» **Task prompt**: All of the data that follows should be retyped exactly, please, except the pictures.

^^^^^^^^^^^^^^^^

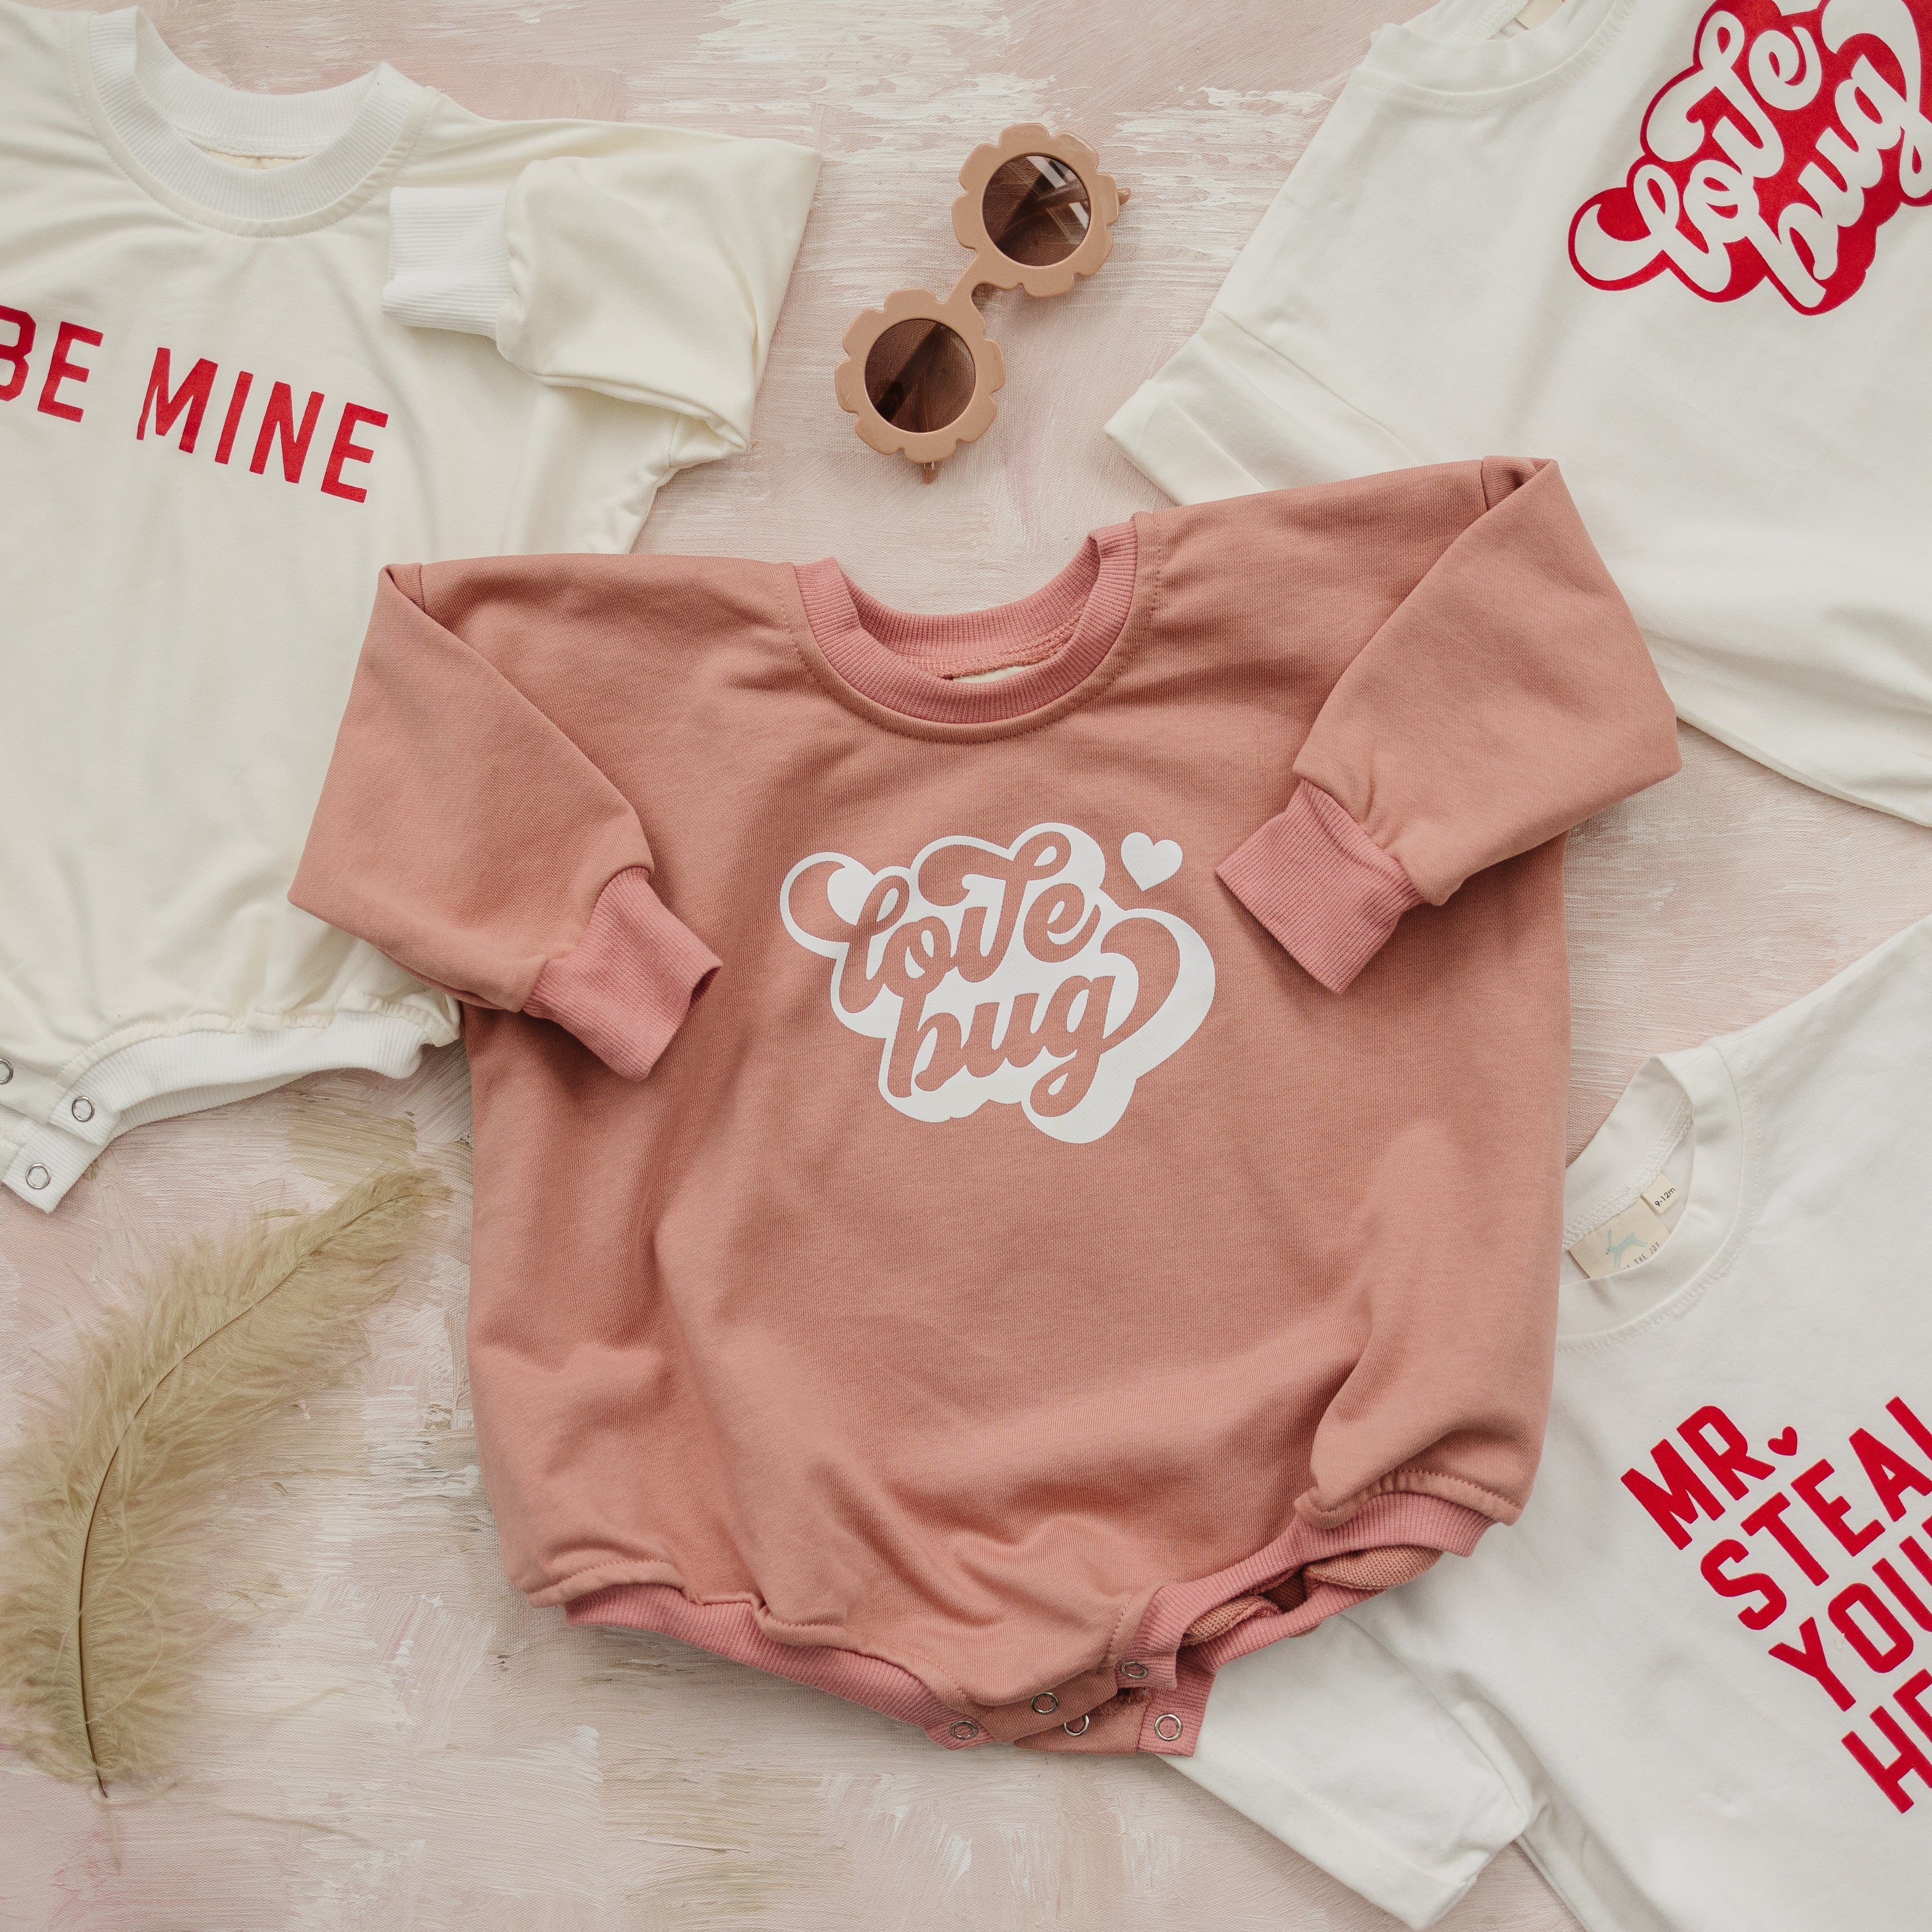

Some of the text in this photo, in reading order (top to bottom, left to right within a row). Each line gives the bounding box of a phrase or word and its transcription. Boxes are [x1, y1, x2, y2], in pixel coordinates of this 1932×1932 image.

[1575, 11, 1822, 293] love
[0, 306, 389, 503] BE MINE
[788, 831, 1101, 1013] love
[887, 917, 1180, 1117] bug
[1633, 1241, 1660, 1265] THE JOY
[1654, 1187, 1676, 1206] 9-12m
[1768, 1514, 1932, 1712] YOU

^^^^^^^^^^^^^^^^

» **Exercise solution**:
Some of the text in this photo, in reading order (top to bottom, left to right within a row). Each line gives the bounding box of a phrase or word and its transcription. Boxes are [x1, y1, x2, y2], in pixel coordinates of this 1932×1932 image.

[1575, 11, 1822, 293] love
[0, 306, 389, 503] BE MINE
[788, 831, 1101, 1013] love
[887, 917, 1180, 1117] bug
[1633, 1241, 1660, 1265] THE JOY
[1654, 1187, 1676, 1206] 9-12m
[1768, 1514, 1932, 1712] YOU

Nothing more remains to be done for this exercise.